(Beginning of Input data)

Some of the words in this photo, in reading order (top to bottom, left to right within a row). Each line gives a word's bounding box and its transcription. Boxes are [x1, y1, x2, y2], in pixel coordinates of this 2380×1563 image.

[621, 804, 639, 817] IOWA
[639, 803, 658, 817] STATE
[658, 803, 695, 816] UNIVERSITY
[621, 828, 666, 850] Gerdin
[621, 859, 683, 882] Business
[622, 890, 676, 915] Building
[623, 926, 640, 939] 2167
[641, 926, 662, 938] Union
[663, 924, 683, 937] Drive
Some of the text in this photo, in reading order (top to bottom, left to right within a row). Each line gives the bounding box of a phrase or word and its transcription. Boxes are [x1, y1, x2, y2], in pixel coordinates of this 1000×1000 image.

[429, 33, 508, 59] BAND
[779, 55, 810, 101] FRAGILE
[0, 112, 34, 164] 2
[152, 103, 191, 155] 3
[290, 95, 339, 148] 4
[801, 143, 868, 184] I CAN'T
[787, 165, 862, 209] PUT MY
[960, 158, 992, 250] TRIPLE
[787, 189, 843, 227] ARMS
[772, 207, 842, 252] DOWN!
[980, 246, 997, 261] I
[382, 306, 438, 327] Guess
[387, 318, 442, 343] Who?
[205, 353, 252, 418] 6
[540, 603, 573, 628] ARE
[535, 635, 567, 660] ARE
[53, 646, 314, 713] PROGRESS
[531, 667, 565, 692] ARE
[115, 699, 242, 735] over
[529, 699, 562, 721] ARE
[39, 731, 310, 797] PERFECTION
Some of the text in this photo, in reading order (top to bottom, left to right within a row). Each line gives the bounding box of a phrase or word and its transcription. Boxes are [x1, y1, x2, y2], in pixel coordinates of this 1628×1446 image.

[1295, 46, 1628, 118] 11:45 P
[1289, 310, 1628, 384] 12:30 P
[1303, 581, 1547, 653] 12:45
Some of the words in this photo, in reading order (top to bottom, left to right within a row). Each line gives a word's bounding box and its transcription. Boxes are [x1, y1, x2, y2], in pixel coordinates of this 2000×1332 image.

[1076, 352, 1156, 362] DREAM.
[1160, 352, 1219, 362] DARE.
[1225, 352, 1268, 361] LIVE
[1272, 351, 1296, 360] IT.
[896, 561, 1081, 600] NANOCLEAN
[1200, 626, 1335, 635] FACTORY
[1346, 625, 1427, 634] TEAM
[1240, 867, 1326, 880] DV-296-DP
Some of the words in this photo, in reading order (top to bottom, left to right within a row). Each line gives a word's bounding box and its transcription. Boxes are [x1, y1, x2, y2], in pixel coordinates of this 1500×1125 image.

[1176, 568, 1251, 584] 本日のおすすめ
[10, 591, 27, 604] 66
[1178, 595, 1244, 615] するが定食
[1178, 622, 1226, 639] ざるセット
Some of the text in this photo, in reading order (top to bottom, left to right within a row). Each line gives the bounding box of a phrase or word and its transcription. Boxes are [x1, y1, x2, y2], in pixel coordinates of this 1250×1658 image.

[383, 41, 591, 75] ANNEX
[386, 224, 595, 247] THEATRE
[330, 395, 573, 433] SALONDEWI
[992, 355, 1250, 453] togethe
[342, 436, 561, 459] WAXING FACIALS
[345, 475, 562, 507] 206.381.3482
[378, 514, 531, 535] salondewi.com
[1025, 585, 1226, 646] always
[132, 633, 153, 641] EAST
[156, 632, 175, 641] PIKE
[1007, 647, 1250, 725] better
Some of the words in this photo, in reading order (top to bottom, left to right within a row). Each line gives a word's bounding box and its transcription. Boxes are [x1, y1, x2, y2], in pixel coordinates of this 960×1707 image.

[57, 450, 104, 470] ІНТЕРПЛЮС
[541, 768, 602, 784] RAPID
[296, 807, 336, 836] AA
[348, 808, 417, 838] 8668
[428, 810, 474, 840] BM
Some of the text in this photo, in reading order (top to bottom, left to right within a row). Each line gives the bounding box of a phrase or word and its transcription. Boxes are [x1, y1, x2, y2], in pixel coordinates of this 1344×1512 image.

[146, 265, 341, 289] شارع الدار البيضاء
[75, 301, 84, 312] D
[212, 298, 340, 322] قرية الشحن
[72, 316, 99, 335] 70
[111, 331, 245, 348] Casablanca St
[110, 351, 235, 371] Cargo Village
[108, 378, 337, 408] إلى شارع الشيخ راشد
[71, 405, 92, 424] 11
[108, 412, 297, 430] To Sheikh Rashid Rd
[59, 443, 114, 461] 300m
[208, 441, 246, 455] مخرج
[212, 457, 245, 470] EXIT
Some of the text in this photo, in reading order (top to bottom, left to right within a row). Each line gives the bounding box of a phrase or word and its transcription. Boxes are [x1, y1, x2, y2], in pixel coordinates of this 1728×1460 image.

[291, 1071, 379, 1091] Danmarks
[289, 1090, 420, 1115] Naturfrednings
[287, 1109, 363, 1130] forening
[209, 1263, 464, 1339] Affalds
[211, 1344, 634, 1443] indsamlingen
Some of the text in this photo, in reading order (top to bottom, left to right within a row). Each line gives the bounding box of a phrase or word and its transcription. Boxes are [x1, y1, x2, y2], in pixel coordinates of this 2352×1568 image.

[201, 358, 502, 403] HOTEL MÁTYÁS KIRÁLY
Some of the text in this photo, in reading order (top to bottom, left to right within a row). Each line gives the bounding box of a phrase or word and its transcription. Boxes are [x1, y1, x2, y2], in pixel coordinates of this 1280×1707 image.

(End of Input data)

Your instructions
Each record above, from first to last, should be written out again exactly.

Exercise result
Some of the words in this photo, in reading order (top to bottom, left to right within a row). Each line gives a word's bounding box and its transcription. Boxes are [x1, y1, x2, y2], in pixel coordinates of this 2380×1563 image.

[621, 804, 639, 817] IOWA
[639, 803, 658, 817] STATE
[658, 803, 695, 816] UNIVERSITY
[621, 828, 666, 850] Gerdin
[621, 859, 683, 882] Business
[622, 890, 676, 915] Building
[623, 926, 640, 939] 2167
[641, 926, 662, 938] Union
[663, 924, 683, 937] Drive
Some of the text in this photo, in reading order (top to bottom, left to right within a row). Each line gives the bounding box of a phrase or word and its transcription. Boxes are [x1, y1, x2, y2], in pixel coordinates of this 1000×1000 image.

[429, 33, 508, 59] BAND
[779, 55, 810, 101] FRAGILE
[0, 112, 34, 164] 2
[152, 103, 191, 155] 3
[290, 95, 339, 148] 4
[801, 143, 868, 184] I CAN'T
[787, 165, 862, 209] PUT MY
[960, 158, 992, 250] TRIPLE
[787, 189, 843, 227] ARMS
[772, 207, 842, 252] DOWN!
[980, 246, 997, 261] I
[382, 306, 438, 327] Guess
[387, 318, 442, 343] Who?
[205, 353, 252, 418] 6
[540, 603, 573, 628] ARE
[535, 635, 567, 660] ARE
[53, 646, 314, 713] PROGRESS
[531, 667, 565, 692] ARE
[115, 699, 242, 735] over
[529, 699, 562, 721] ARE
[39, 731, 310, 797] PERFECTION
Some of the text in this photo, in reading order (top to bottom, left to right within a row). Each line gives the bounding box of a phrase or word and its transcription. Boxes are [x1, y1, x2, y2], in pixel coordinates of this 1628×1446 image.

[1295, 46, 1628, 118] 11:45 P
[1289, 310, 1628, 384] 12:30 P
[1303, 581, 1547, 653] 12:45
Some of the words in this photo, in reading order (top to bottom, left to right within a row). Each line gives a word's bounding box and its transcription. Boxes are [x1, y1, x2, y2], in pixel coordinates of this 2000×1332 image.

[1076, 352, 1156, 362] DREAM.
[1160, 352, 1219, 362] DARE.
[1225, 352, 1268, 361] LIVE
[1272, 351, 1296, 360] IT.
[896, 561, 1081, 600] NANOCLEAN
[1200, 626, 1335, 635] FACTORY
[1346, 625, 1427, 634] TEAM
[1240, 867, 1326, 880] DV-296-DP
Some of the words in this photo, in reading order (top to bottom, left to right within a row). Each line gives a word's bounding box and its transcription. Boxes are [x1, y1, x2, y2], in pixel coordinates of this 1500×1125 image.

[1176, 568, 1251, 584] 本日のおすすめ
[10, 591, 27, 604] 66
[1178, 595, 1244, 615] するが定食
[1178, 622, 1226, 639] ざるセット
Some of the text in this photo, in reading order (top to bottom, left to right within a row). Each line gives the bounding box of a phrase or word and its transcription. Boxes are [x1, y1, x2, y2], in pixel coordinates of this 1250×1658 image.

[383, 41, 591, 75] ANNEX
[386, 224, 595, 247] THEATRE
[330, 395, 573, 433] SALONDEWI
[992, 355, 1250, 453] togethe
[342, 436, 561, 459] WAXING FACIALS
[345, 475, 562, 507] 206.381.3482
[378, 514, 531, 535] salondewi.com
[1025, 585, 1226, 646] always
[132, 633, 153, 641] EAST
[156, 632, 175, 641] PIKE
[1007, 647, 1250, 725] better
Some of the words in this photo, in reading order (top to bottom, left to right within a row). Each line gives a word's bounding box and its transcription. Boxes are [x1, y1, x2, y2], in pixel coordinates of this 960×1707 image.

[57, 450, 104, 470] ІНТЕРПЛЮС
[541, 768, 602, 784] RAPID
[296, 807, 336, 836] AA
[348, 808, 417, 838] 8668
[428, 810, 474, 840] BM
Some of the text in this photo, in reading order (top to bottom, left to right within a row). Each line gives the bounding box of a phrase or word and its transcription. Boxes are [x1, y1, x2, y2], in pixel coordinates of this 1344×1512 image.

[146, 265, 341, 289] شارع الدار البيضاء
[75, 301, 84, 312] D
[212, 298, 340, 322] قرية الشحن
[72, 316, 99, 335] 70
[111, 331, 245, 348] Casablanca St
[110, 351, 235, 371] Cargo Village
[108, 378, 337, 408] إلى شارع الشيخ راشد
[71, 405, 92, 424] 11
[108, 412, 297, 430] To Sheikh Rashid Rd
[59, 443, 114, 461] 300m
[208, 441, 246, 455] مخرج
[212, 457, 245, 470] EXIT
Some of the text in this photo, in reading order (top to bottom, left to right within a row). Each line gives the bounding box of a phrase or word and its transcription. Boxes are [x1, y1, x2, y2], in pixel coordinates of this 1728×1460 image.

[291, 1071, 379, 1091] Danmarks
[289, 1090, 420, 1115] Naturfrednings
[287, 1109, 363, 1130] forening
[209, 1263, 464, 1339] Affalds
[211, 1344, 634, 1443] indsamlingen
Some of the text in this photo, in reading order (top to bottom, left to right within a row). Each line gives the bounding box of a phrase or word and its transcription. Boxes are [x1, y1, x2, y2], in pixel coordinates of this 2352×1568 image.

[201, 358, 502, 403] HOTEL MÁTYÁS KIRÁLY
Some of the text in this photo, in reading order (top to bottom, left to right within a row). Each line gives the bounding box of a phrase or word and its transcription. Boxes are [x1, y1, x2, y2], in pixel coordinates of this 1280×1707 image.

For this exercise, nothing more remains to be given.